*YOUR ASSIGNMENT*
An exact copy of every record, without the pictures, is what should come back.

##########

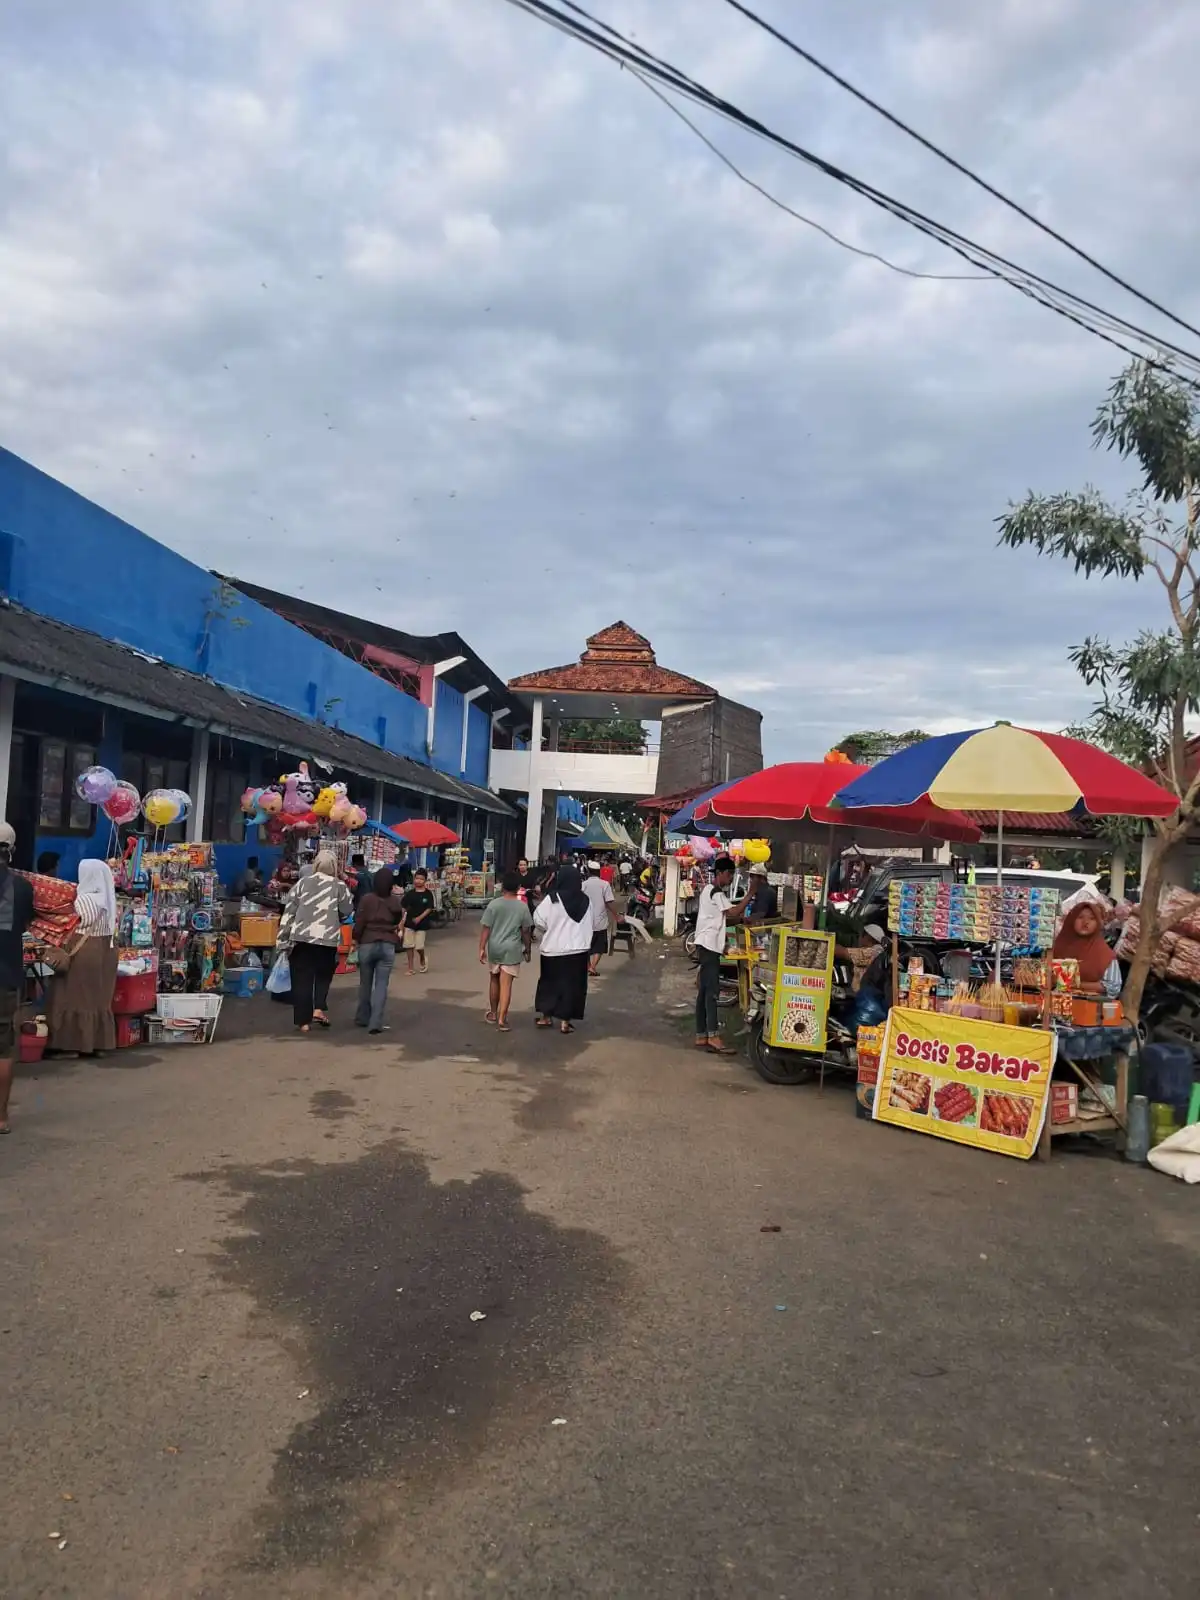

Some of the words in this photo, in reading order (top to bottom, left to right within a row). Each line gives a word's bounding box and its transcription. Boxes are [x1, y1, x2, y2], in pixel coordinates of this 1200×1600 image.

[801, 976, 826, 988] KEMBANG
[786, 1001, 816, 1011] KEMBANG
[896, 1033, 950, 1064] Sosis
[955, 1043, 1040, 1081] Bakar

##########

*RESPONSE TO THE TASK*
Some of the words in this photo, in reading order (top to bottom, left to right within a row). Each line gives a word's bounding box and its transcription. Boxes are [x1, y1, x2, y2], in pixel coordinates of this 1200×1600 image.

[801, 976, 826, 988] KEMBANG
[786, 1001, 816, 1011] KEMBANG
[896, 1033, 950, 1064] Sosis
[955, 1043, 1040, 1081] Bakar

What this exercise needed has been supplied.